New York Fashion Week

New York Fashion Week reviews: Tory Burch

Website:
The Daily Beast

Date:
February 16, 2016

New York Fashion Week gets a bit fancier in its old one-stop home of Lincoln Center. Here you sit on bistro-style wooden chairs, not benches, and the runway is airier, with the light flooding in via the windows facing Lincoln Plaza.

This felt appropriate for Tory Burch’s autumn/winter collection, aimed squarely at the Uptown Girl, or breezy, outdoorsy WASPs keen to pep up their conservative wardrobes just so. Not for nothing was a cover of “Girls Just Wanna Have Fun” playing as the models walked, and guests including Vogue’s Anna Wintour and Simon Doonan, Barney’s creative ambassador-at-large (best job title ever, right?) looked on.

Burch herself said that this collection was, in street-style terms, inspired by the café scene in Eric Rohmer’s L’amour l’après-midi, alongside Burch’s childhood love of horse-riding.

Indeed, there was a ghostly sound of hooves, although no signs of flying mud. There were short and chic navy blue jackets and skirts, and also bold jockey-silk patterned tops over jodhpurs, and a rainbow-striped leather dress, followed by a similarly striped jacket. Pants came in tweed, twill, moleskin, and wool.

Track pants from the ‘Tory Sport’ collection were paired with the jockey-silk patterned tops, sometimes livened up by sequins; a gorgeously soft-looking shearling bomber jacket came as weather protection for a cotton polo.

A nylon bomber coat was partnered with a wool turtleneck dress.

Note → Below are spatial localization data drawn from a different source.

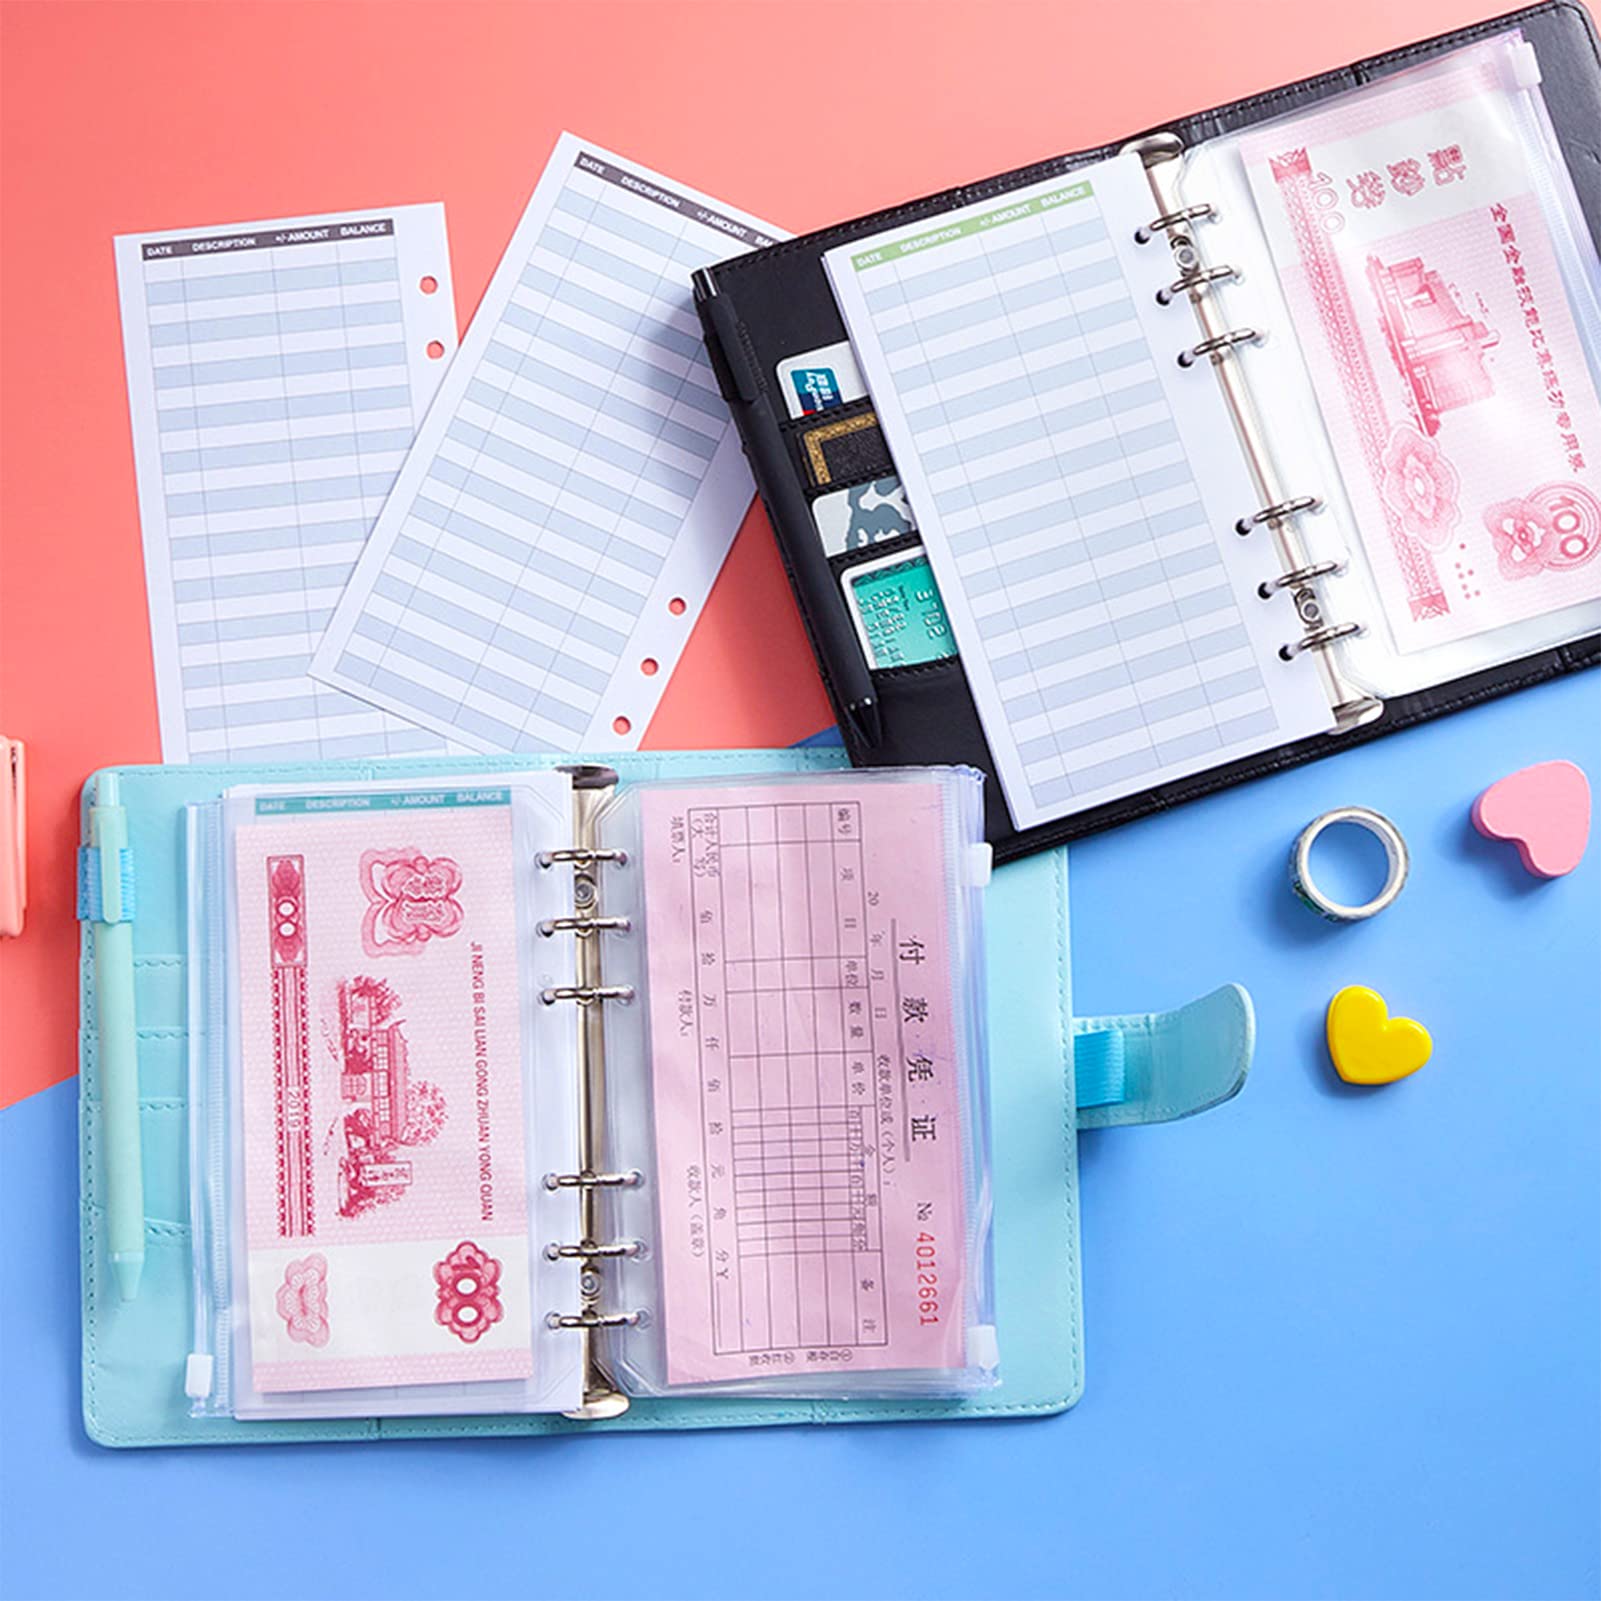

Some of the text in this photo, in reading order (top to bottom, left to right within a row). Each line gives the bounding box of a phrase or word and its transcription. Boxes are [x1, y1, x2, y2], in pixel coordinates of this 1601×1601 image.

[579, 157, 604, 174] DATE
[621, 176, 680, 208] DESCRIPTION
[146, 245, 173, 257] DATE
[192, 238, 255, 252] DESCRIPTION
[340, 222, 387, 237] BALANCE
[856, 252, 883, 267] DATE
[900, 227, 962, 253] DESCRIPTION
[1040, 186, 1086, 208] BALANCE
[260, 800, 286, 811] DATE
[306, 797, 371, 810] DESCRIPTION
[457, 790, 504, 802] BALANCE
[837, 807, 853, 835] 编号
[867, 891, 880, 906] 20
[471, 942, 494, 1222] JI NENG BI SAI LIAN GONG ZHUAN YONG QUAN
[287, 1090, 301, 1129] 2019
[451, 1254, 482, 1328] 100
[916, 1232, 938, 1327] 4012661
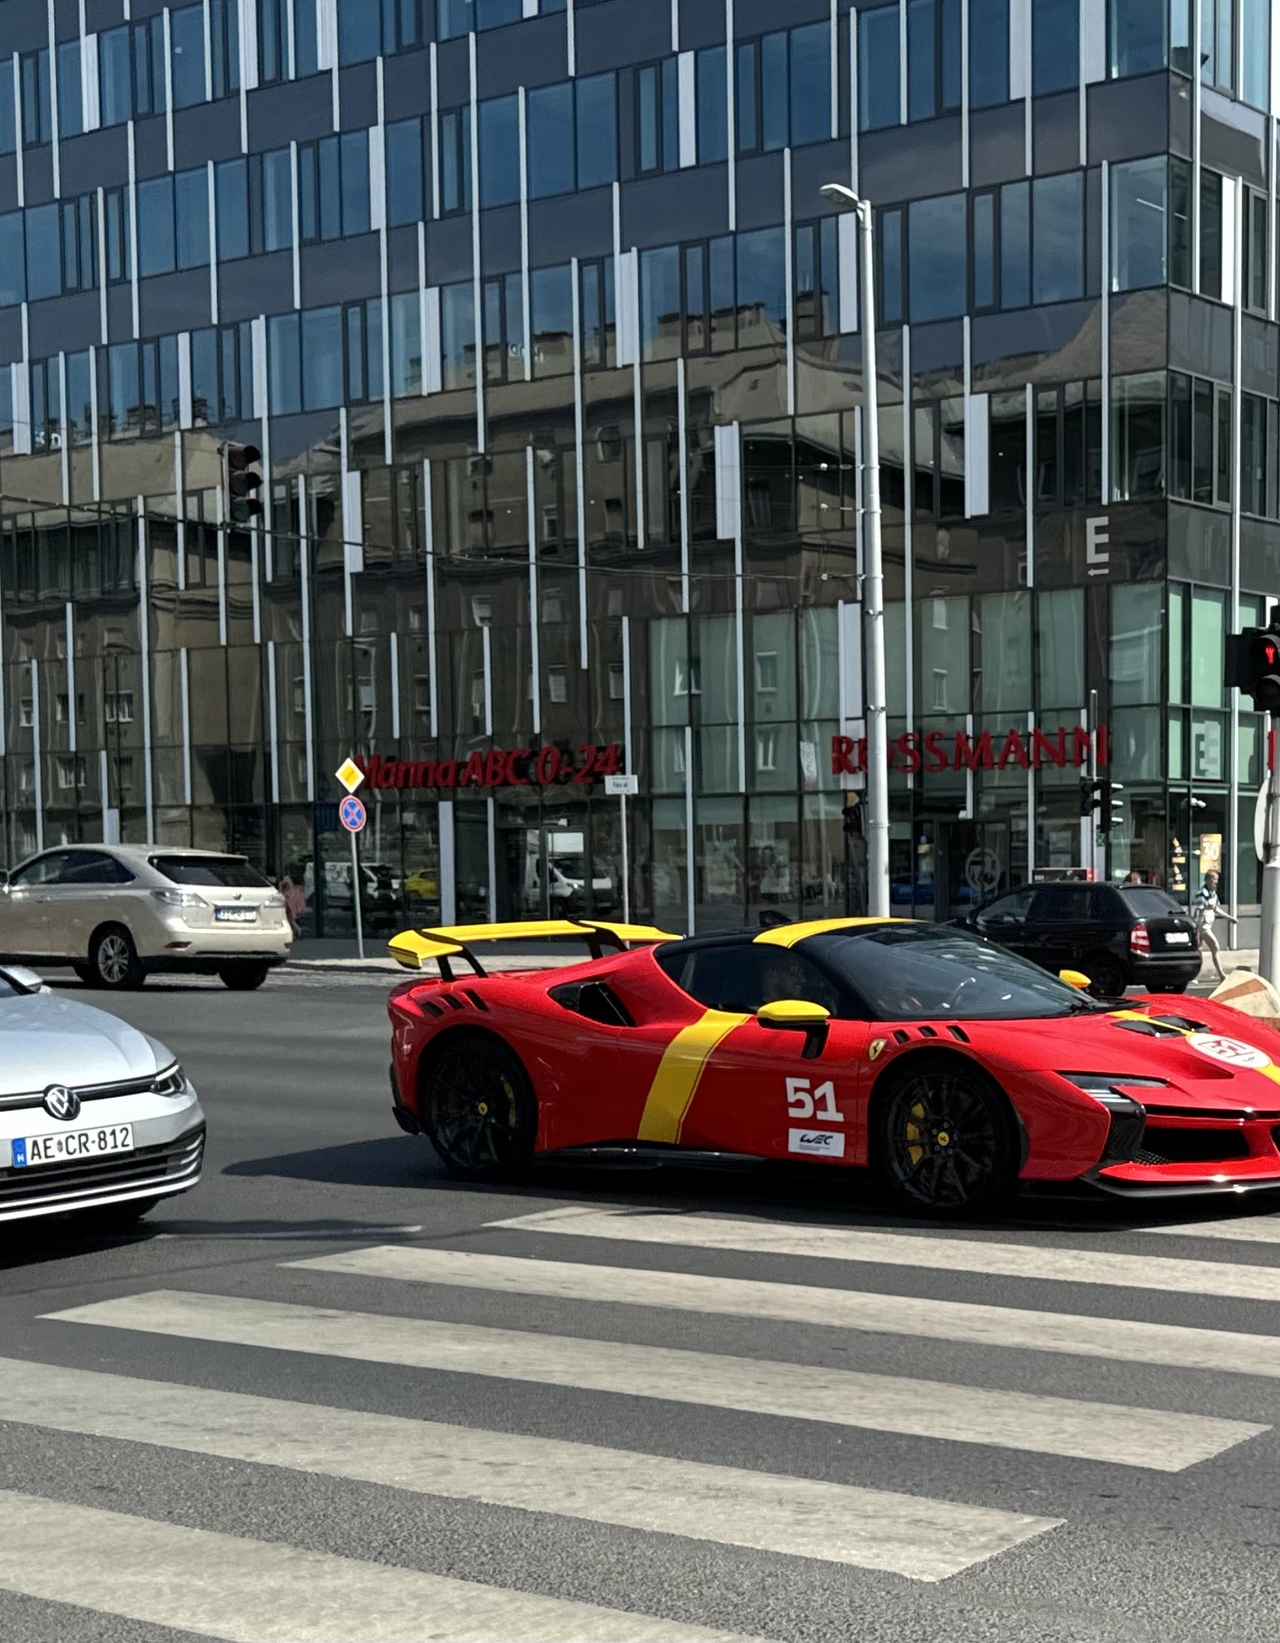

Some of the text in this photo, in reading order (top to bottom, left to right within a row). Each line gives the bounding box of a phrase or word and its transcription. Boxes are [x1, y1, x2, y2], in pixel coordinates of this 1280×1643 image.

[1086, 516, 1109, 564] E
[354, 745, 621, 789] Manna ABC 0-24
[786, 1077, 844, 1122] 51
[799, 1133, 834, 1146] WEC
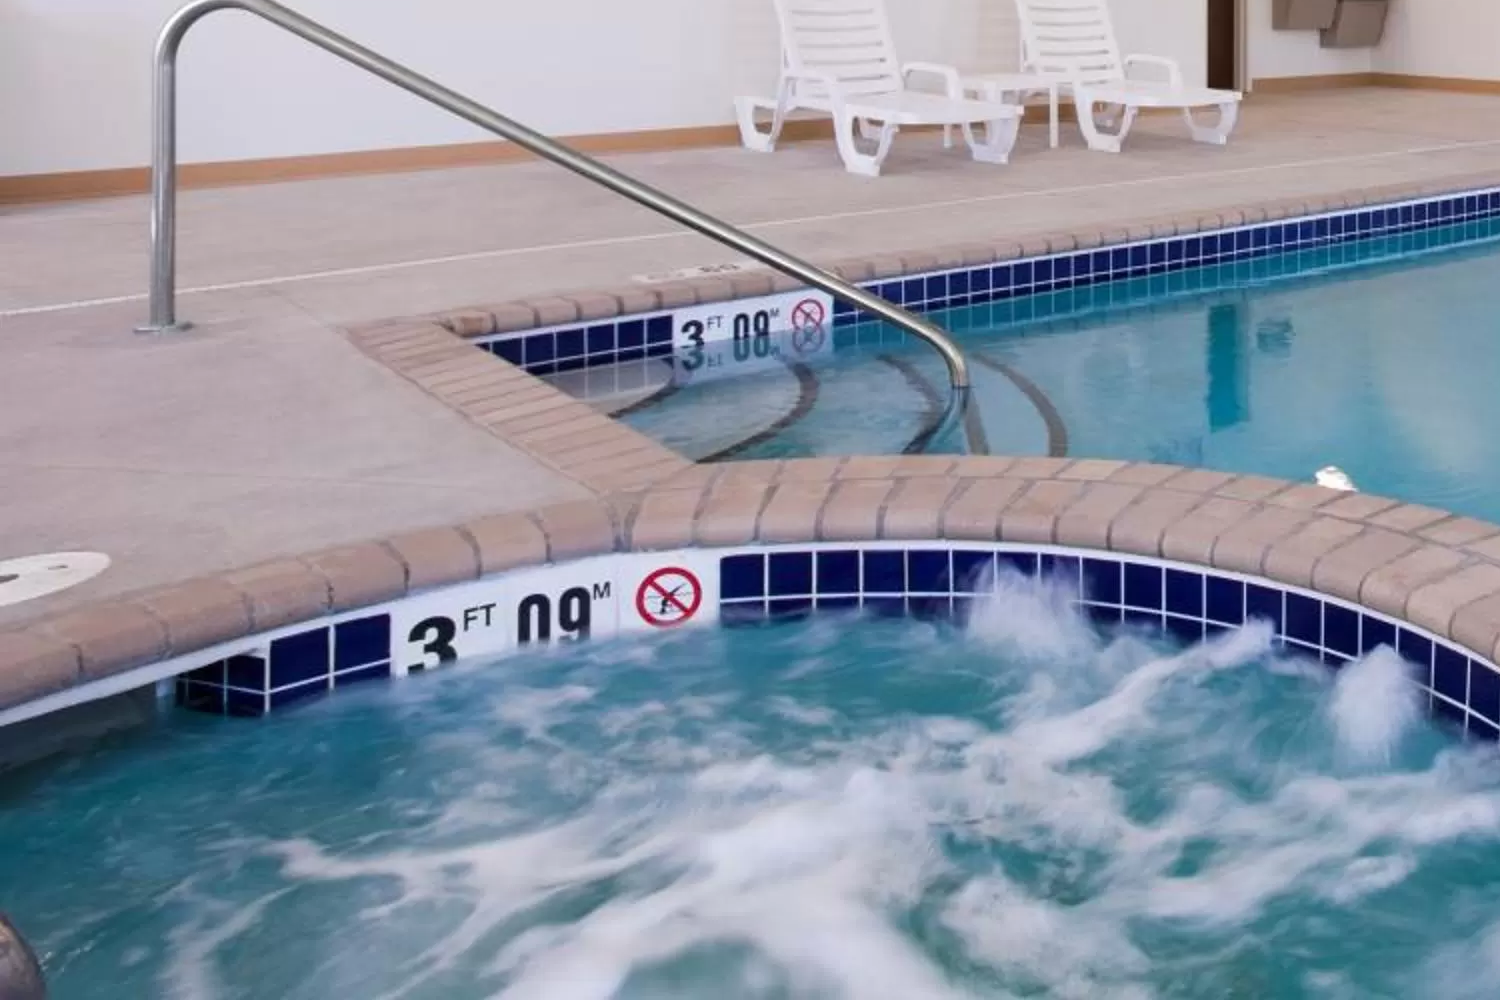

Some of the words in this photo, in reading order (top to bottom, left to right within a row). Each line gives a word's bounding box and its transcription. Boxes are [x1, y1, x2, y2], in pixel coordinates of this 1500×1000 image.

[681, 319, 704, 348] 3
[407, 616, 457, 675] 3
[463, 603, 497, 631] FT
[593, 582, 611, 600] M
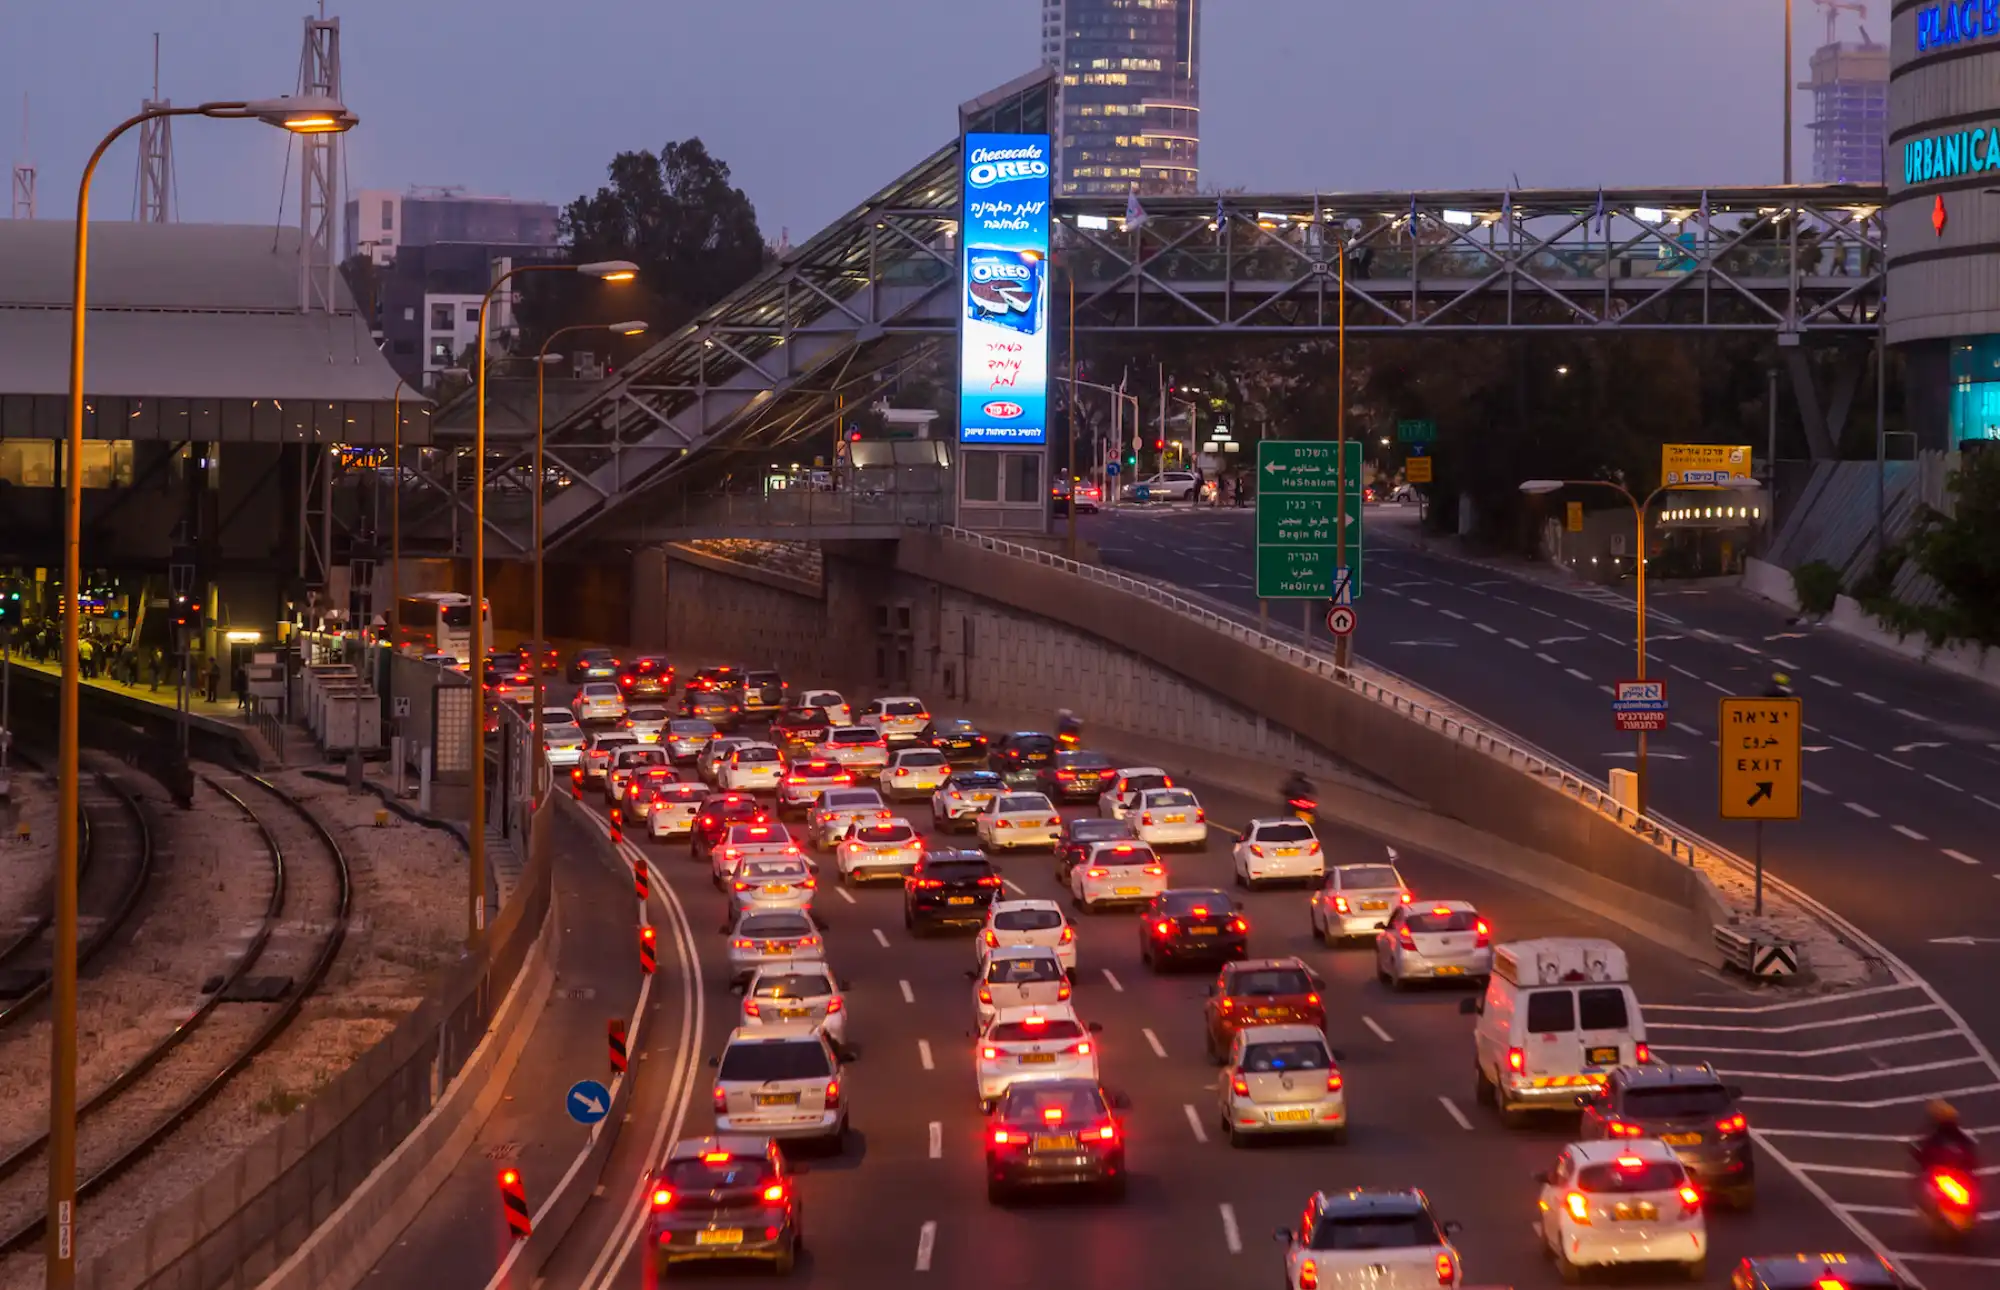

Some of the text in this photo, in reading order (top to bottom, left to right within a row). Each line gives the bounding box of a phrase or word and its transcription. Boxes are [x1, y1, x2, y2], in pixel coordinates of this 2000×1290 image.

Away from the sporty, there was a soft, belted suede dress, a powder-pink trouser suit, contrast-stitched wool coats, and a vivid blue paisley-print silk knit peplum dress.

Other dresses and tops came with horse patterns and prints, and abstract swirls and geometrics, and then—should you be lulled into thinking this was just a collection of smart daywear—out came Burch’s more glamorous evening looks: a diamond-patterned sequin and satin dress, a lamé silk tunic and silk pant, and a horse-print quilted satin bomber jacket.

This was not Fashion Week at its most crazy, eccentric or confrontational, but smart clothing targeted just as smartly—Tory Burch is a label that knows its audience well enough to cater to it, while also gently prodding it to experiment.

It was such a civilized and precisely realized collection, it seemed quite the chaotic comedown to head out into the bucketing Manhattan rain afterward.